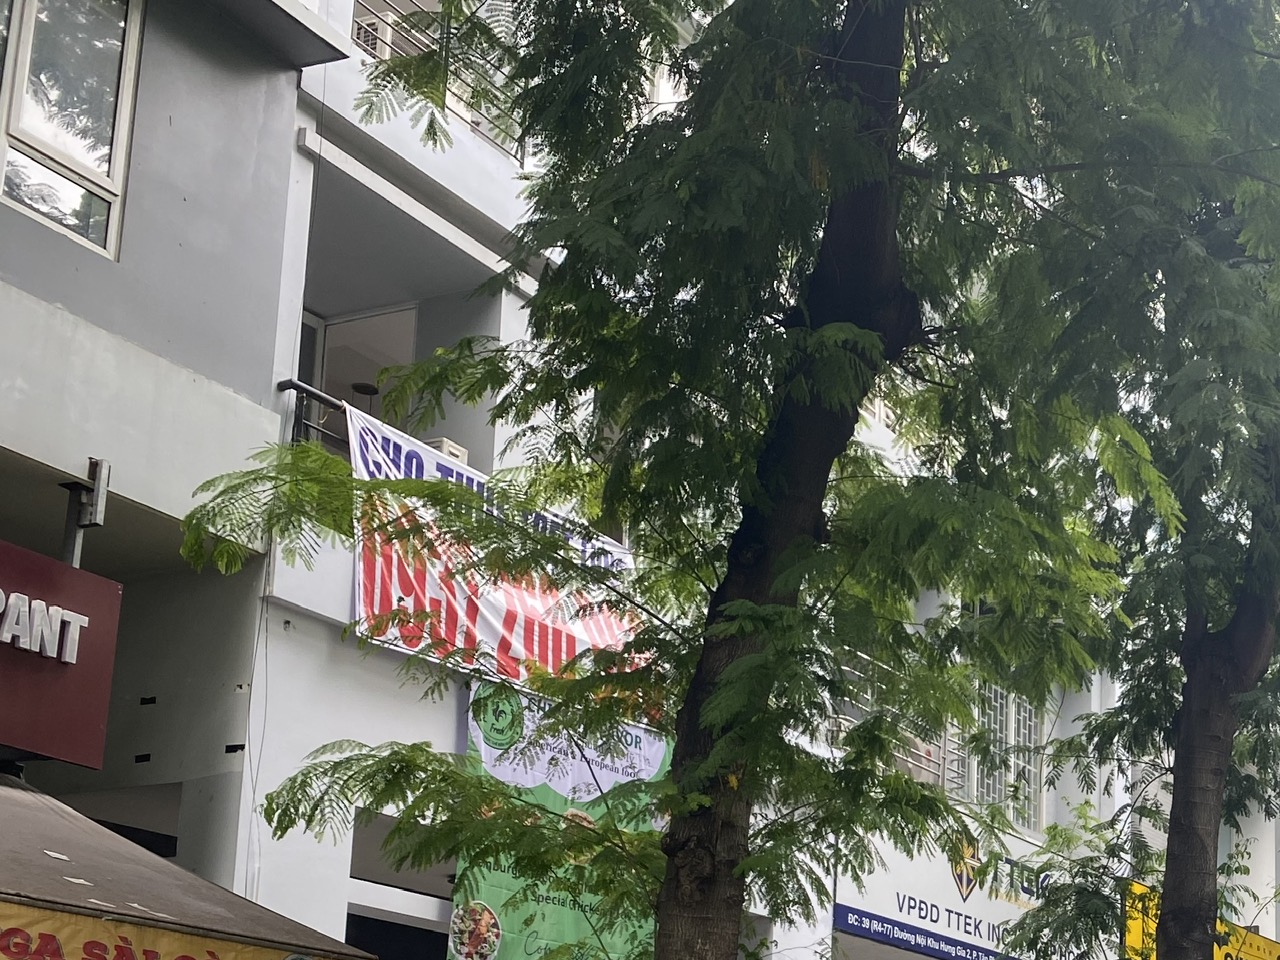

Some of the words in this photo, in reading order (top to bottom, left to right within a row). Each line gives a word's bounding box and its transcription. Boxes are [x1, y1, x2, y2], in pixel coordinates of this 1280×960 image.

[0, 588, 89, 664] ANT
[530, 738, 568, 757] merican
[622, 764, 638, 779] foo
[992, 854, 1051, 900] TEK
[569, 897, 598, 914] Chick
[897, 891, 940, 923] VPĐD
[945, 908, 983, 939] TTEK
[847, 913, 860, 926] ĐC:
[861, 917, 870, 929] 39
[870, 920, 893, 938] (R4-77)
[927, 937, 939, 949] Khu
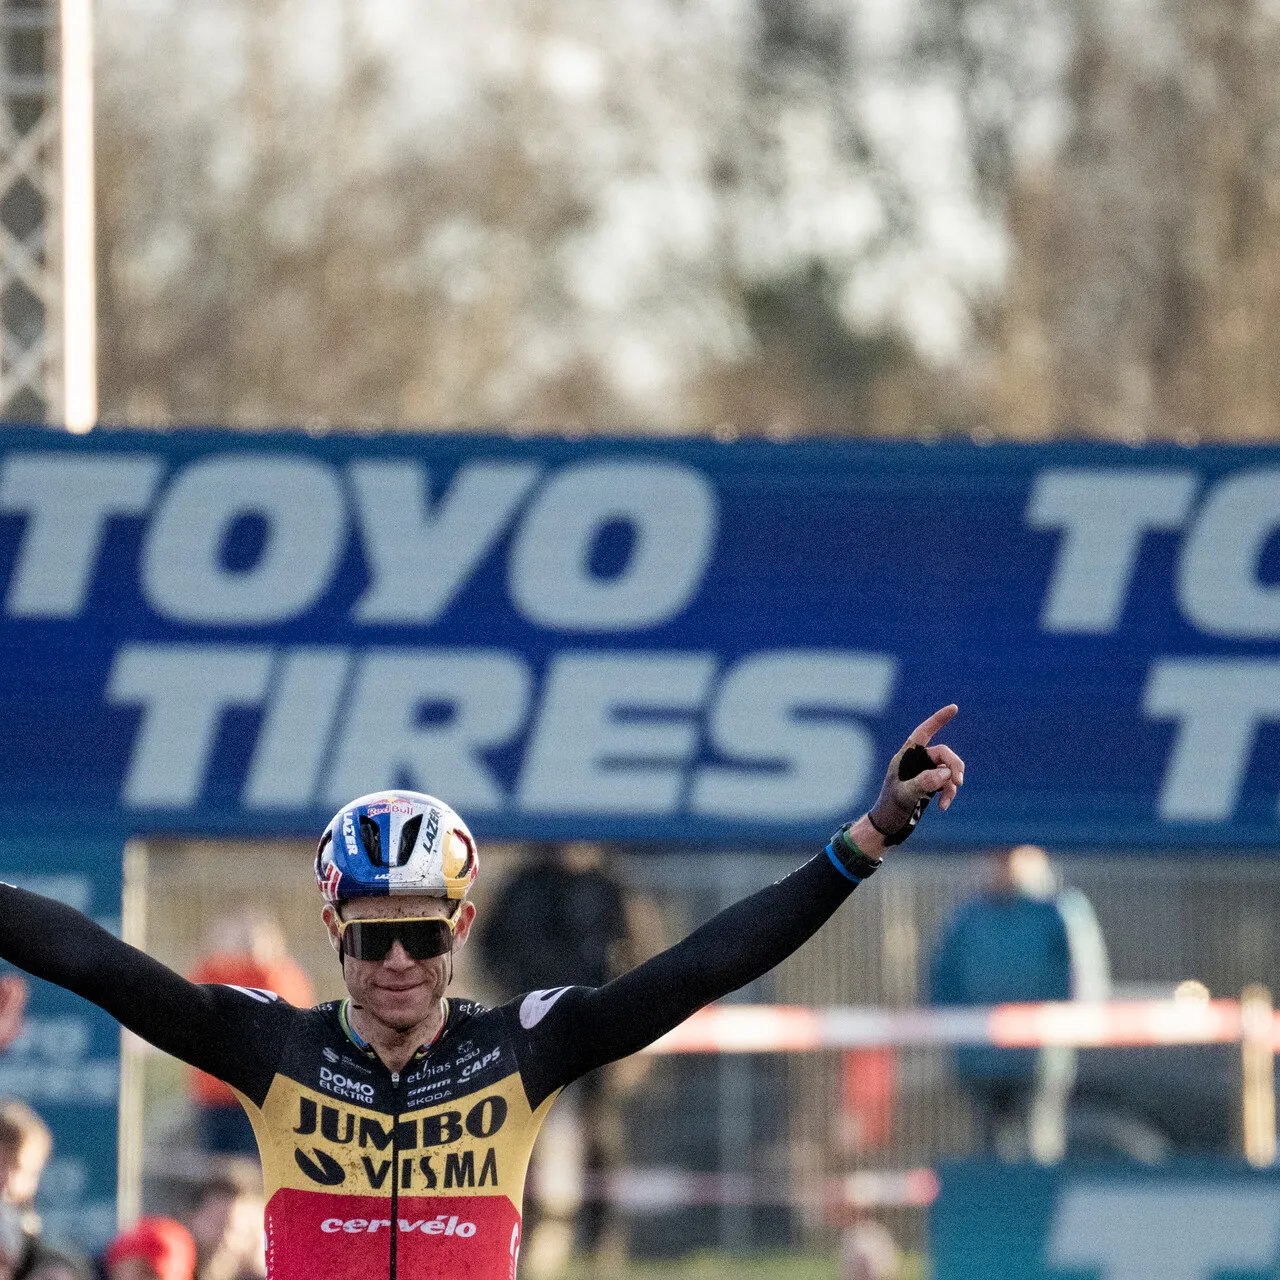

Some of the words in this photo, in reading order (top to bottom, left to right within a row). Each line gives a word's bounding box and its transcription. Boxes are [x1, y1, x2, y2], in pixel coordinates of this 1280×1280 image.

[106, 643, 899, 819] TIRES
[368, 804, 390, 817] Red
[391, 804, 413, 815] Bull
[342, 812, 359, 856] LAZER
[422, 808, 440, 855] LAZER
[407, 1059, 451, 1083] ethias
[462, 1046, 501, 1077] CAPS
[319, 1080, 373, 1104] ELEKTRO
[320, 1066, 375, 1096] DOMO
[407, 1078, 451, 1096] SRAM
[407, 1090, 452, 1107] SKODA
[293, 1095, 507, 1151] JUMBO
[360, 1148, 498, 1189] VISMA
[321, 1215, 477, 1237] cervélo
====
Reproduce every record above word for word. Leave the pictures out.

Some of the words in this photo, in reading order (top to bottom, left to right within a row). Each line gives a word's bounding box and its transcription. Boxes are [x1, y1, x2, y2], in pixel coordinates of this 1280×960 image.

[0, 588, 89, 664] ANT
[530, 738, 568, 757] merican
[622, 764, 638, 779] foo
[992, 854, 1051, 900] TEK
[569, 897, 598, 914] Chick
[897, 891, 940, 923] VPĐD
[945, 908, 983, 939] TTEK
[847, 913, 860, 926] ĐC:
[861, 917, 870, 929] 39
[870, 920, 893, 938] (R4-77)
[927, 937, 939, 949] Khu

Some of the words in this photo, in reading order (top to bottom, left to right within a row). Each line gives a word's bounding box and its transcription. Boxes are [x1, y1, x2, y2], in pixel coordinates of this 1280×1280 image.

[106, 643, 899, 819] TIRES
[368, 804, 390, 817] Red
[391, 804, 413, 815] Bull
[342, 812, 359, 856] LAZER
[422, 808, 440, 855] LAZER
[407, 1059, 451, 1083] ethias
[462, 1046, 501, 1077] CAPS
[319, 1080, 373, 1104] ELEKTRO
[320, 1066, 375, 1096] DOMO
[407, 1078, 451, 1096] SRAM
[407, 1090, 452, 1107] SKODA
[293, 1095, 507, 1151] JUMBO
[360, 1148, 498, 1189] VISMA
[321, 1215, 477, 1237] cervélo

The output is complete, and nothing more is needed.